*ASSIGNMENT*
Repeat the listing exactly, minus the pictures.

%%

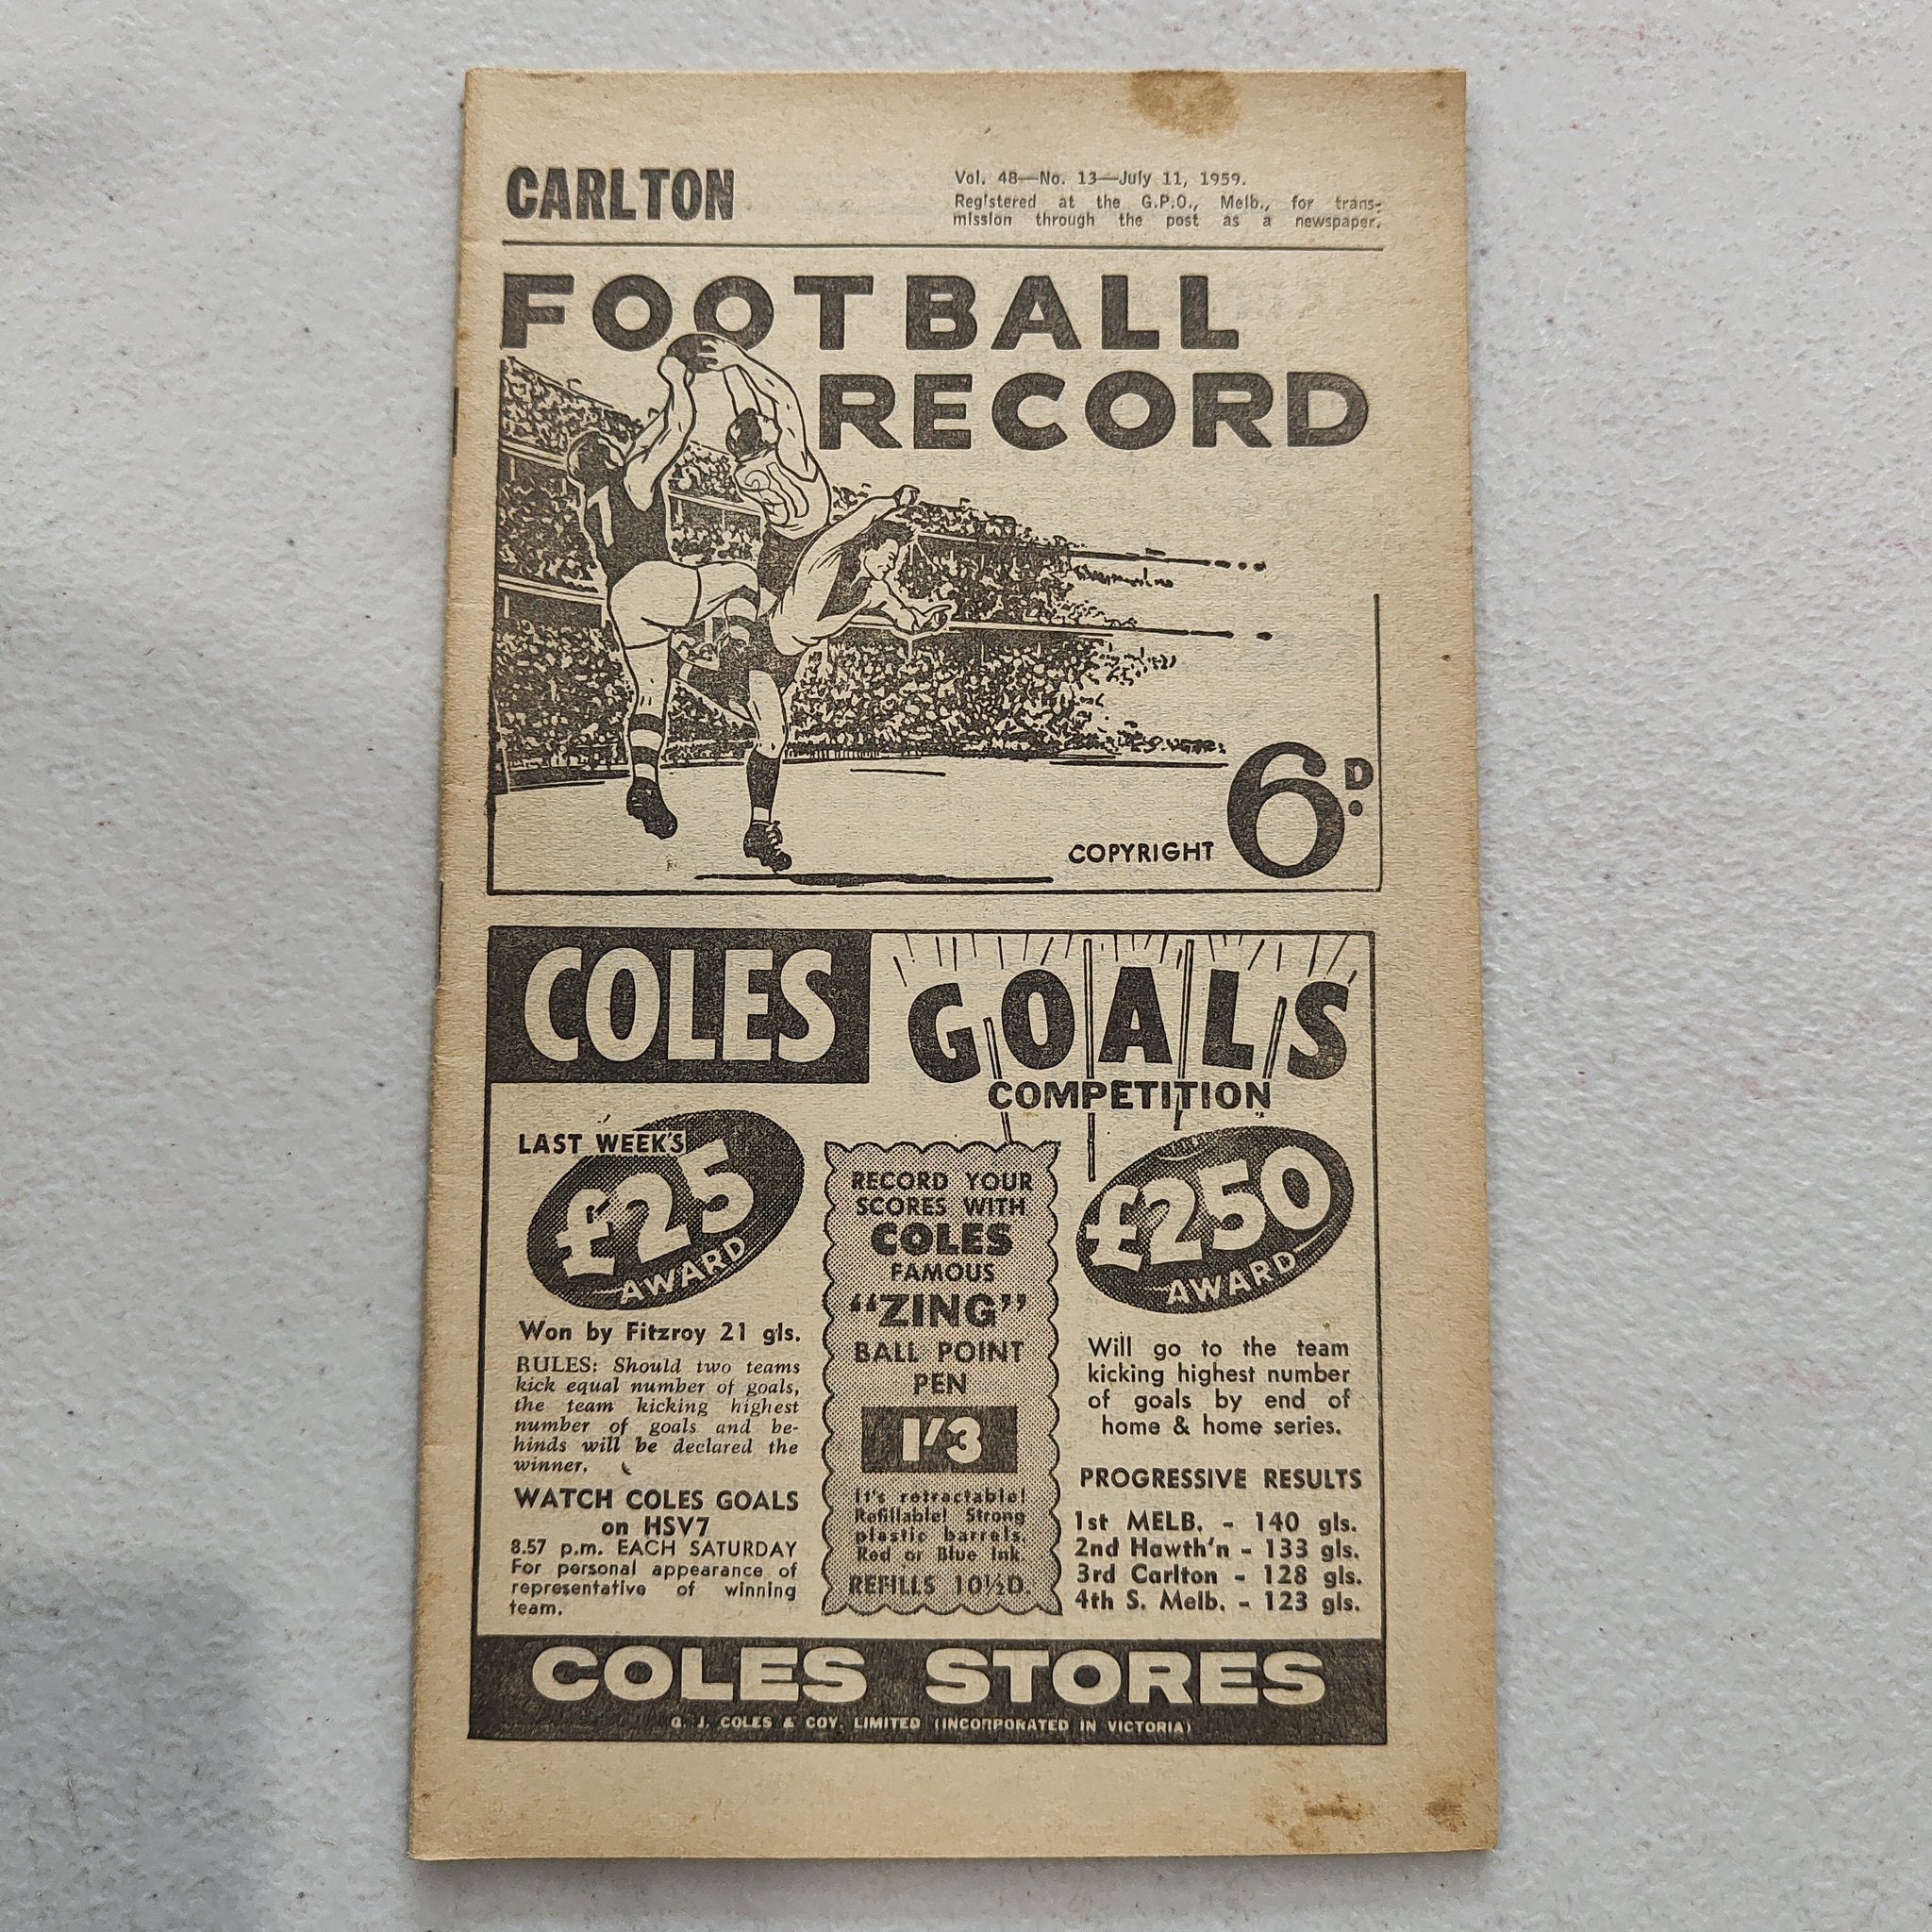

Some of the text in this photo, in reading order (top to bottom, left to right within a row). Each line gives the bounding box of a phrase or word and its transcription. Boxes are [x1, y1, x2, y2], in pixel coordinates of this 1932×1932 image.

[955, 170, 986, 185] Vol.
[1162, 171, 1188, 188] 11,
[1200, 172, 1246, 186] 1959.
[506, 167, 735, 221] CARLTON
[955, 193, 1036, 210] Registered
[1058, 195, 1075, 208] at
[1096, 194, 1121, 208] the
[1142, 194, 1198, 211] G.P.O.,
[1221, 194, 1270, 211] Melb.,
[1291, 195, 1313, 209] for
[953, 212, 1381, 230] mission through the post as a newspaper.
[499, 273, 1239, 352] FOOTBALL
[819, 371, 1369, 451] RECORD
[1068, 841, 1214, 863] COPYRIGHT
[525, 946, 836, 1062] COLES
[908, 966, 1350, 1083] GOALS
[988, 1079, 1271, 1109] COMPETITION
[519, 1133, 686, 1155] LAST WEEK'S
[851, 1171, 1034, 1191] RECORD YOUR
[555, 1139, 754, 1278] £25
[856, 1197, 1025, 1216] SCORES WITH
[1085, 1145, 1331, 1272] £250
[871, 1222, 1013, 1256] COLES
[619, 1237, 749, 1305] AWARD
[891, 1263, 994, 1282] FAMOUS
[1167, 1251, 1297, 1306] AWARD
[519, 1320, 801, 1345] Won by Fitzroy 21 gls.
[855, 1341, 1024, 1363] BALL POINT
[1088, 1331, 1349, 1360] Will go to the team
[517, 1357, 800, 1374] RULES: Should two teams
[1088, 1362, 1351, 1387] kicking highest number
[516, 1376, 800, 1396] kick equal number of goals,
[914, 1373, 966, 1394] PEN
[514, 1397, 799, 1416] the team kicking highest
[1088, 1388, 1351, 1413] of goals by end of
[514, 1416, 799, 1437] number of goals and be-
[1102, 1413, 1341, 1436] home & home series.
[513, 1437, 799, 1455] hinds will be declared the
[514, 1461, 588, 1474] winner.
[1080, 1467, 1362, 1490] PROGRESSIVE RESULTS
[514, 1487, 799, 1510] WATCH COLES GOALS
[900, 1488, 1025, 1504] retractable!
[601, 1515, 710, 1537] on HSV7
[855, 1507, 1024, 1525] Refillable! Strong
[1074, 1511, 1108, 1531] 1st
[1126, 1510, 1203, 1532] MELB.
[1255, 1511, 1299, 1532] 140
[1318, 1512, 1357, 1535] gls.
[856, 1526, 927, 1545] plastic
[510, 1539, 797, 1558] 8.57 p.m. EACH SATURDAY
[857, 1546, 891, 1562] Red
[904, 1549, 924, 1561] or
[937, 1546, 977, 1562] Blue
[1074, 1537, 1119, 1557] 2nd
[1131, 1537, 1229, 1557] Hawth'n
[1266, 1538, 1307, 1558] 133
[1321, 1538, 1359, 1562] gls.
[511, 1559, 799, 1581] For personal appearance of
[1076, 1563, 1115, 1584] 3rd
[1131, 1563, 1218, 1585] Carlton
[1264, 1563, 1307, 1585] 128
[1323, 1564, 1362, 1589] gls.
[511, 1581, 796, 1601] representative of winning
[849, 1574, 936, 1595] REFILLS
[509, 1601, 563, 1616] team.
[1074, 1590, 1114, 1610] 4th
[1126, 1590, 1145, 1610] S.
[1159, 1590, 1225, 1611] Melb.
[1264, 1591, 1307, 1611] 123
[1322, 1591, 1360, 1615] gls.
[531, 1644, 1325, 1706] COLES STORES
[720, 1716, 773, 1728] COLES
[783, 1716, 794, 1728] &
[806, 1716, 844, 1729] COY.
[854, 1716, 921, 1729] LIMITED
[935, 1717, 1069, 1731] (INCORPORATED
[1080, 1719, 1096, 1731] IN
[1107, 1720, 1191, 1733] VICTORIA)

%%

*RESULT FOR THIS EXERCISE*
Some of the text in this photo, in reading order (top to bottom, left to right within a row). Each line gives the bounding box of a phrase or word and its transcription. Boxes are [x1, y1, x2, y2], in pixel coordinates of this 1932×1932 image.

[955, 170, 986, 185] Vol.
[1162, 171, 1188, 188] 11,
[1200, 172, 1246, 186] 1959.
[506, 167, 735, 221] CARLTON
[955, 193, 1036, 210] Registered
[1058, 195, 1075, 208] at
[1096, 194, 1121, 208] the
[1142, 194, 1198, 211] G.P.O.,
[1221, 194, 1270, 211] Melb.,
[1291, 195, 1313, 209] for
[953, 212, 1381, 230] mission through the post as a newspaper.
[499, 273, 1239, 352] FOOTBALL
[819, 371, 1369, 451] RECORD
[1068, 841, 1214, 863] COPYRIGHT
[525, 946, 836, 1062] COLES
[908, 966, 1350, 1083] GOALS
[988, 1079, 1271, 1109] COMPETITION
[519, 1133, 686, 1155] LAST WEEK'S
[851, 1171, 1034, 1191] RECORD YOUR
[555, 1139, 754, 1278] £25
[856, 1197, 1025, 1216] SCORES WITH
[1085, 1145, 1331, 1272] £250
[871, 1222, 1013, 1256] COLES
[619, 1237, 749, 1305] AWARD
[891, 1263, 994, 1282] FAMOUS
[1167, 1251, 1297, 1306] AWARD
[519, 1320, 801, 1345] Won by Fitzroy 21 gls.
[855, 1341, 1024, 1363] BALL POINT
[1088, 1331, 1349, 1360] Will go to the team
[517, 1357, 800, 1374] RULES: Should two teams
[1088, 1362, 1351, 1387] kicking highest number
[516, 1376, 800, 1396] kick equal number of goals,
[914, 1373, 966, 1394] PEN
[514, 1397, 799, 1416] the team kicking highest
[1088, 1388, 1351, 1413] of goals by end of
[514, 1416, 799, 1437] number of goals and be-
[1102, 1413, 1341, 1436] home & home series.
[513, 1437, 799, 1455] hinds will be declared the
[514, 1461, 588, 1474] winner.
[1080, 1467, 1362, 1490] PROGRESSIVE RESULTS
[514, 1487, 799, 1510] WATCH COLES GOALS
[900, 1488, 1025, 1504] retractable!
[601, 1515, 710, 1537] on HSV7
[855, 1507, 1024, 1525] Refillable! Strong
[1074, 1511, 1108, 1531] 1st
[1126, 1510, 1203, 1532] MELB.
[1255, 1511, 1299, 1532] 140
[1318, 1512, 1357, 1535] gls.
[856, 1526, 927, 1545] plastic
[510, 1539, 797, 1558] 8.57 p.m. EACH SATURDAY
[857, 1546, 891, 1562] Red
[904, 1549, 924, 1561] or
[937, 1546, 977, 1562] Blue
[1074, 1537, 1119, 1557] 2nd
[1131, 1537, 1229, 1557] Hawth'n
[1266, 1538, 1307, 1558] 133
[1321, 1538, 1359, 1562] gls.
[511, 1559, 799, 1581] For personal appearance of
[1076, 1563, 1115, 1584] 3rd
[1131, 1563, 1218, 1585] Carlton
[1264, 1563, 1307, 1585] 128
[1323, 1564, 1362, 1589] gls.
[511, 1581, 796, 1601] representative of winning
[849, 1574, 936, 1595] REFILLS
[509, 1601, 563, 1616] team.
[1074, 1590, 1114, 1610] 4th
[1126, 1590, 1145, 1610] S.
[1159, 1590, 1225, 1611] Melb.
[1264, 1591, 1307, 1611] 123
[1322, 1591, 1360, 1615] gls.
[531, 1644, 1325, 1706] COLES STORES
[720, 1716, 773, 1728] COLES
[783, 1716, 794, 1728] &
[806, 1716, 844, 1729] COY.
[854, 1716, 921, 1729] LIMITED
[935, 1717, 1069, 1731] (INCORPORATED
[1080, 1719, 1096, 1731] IN
[1107, 1720, 1191, 1733] VICTORIA)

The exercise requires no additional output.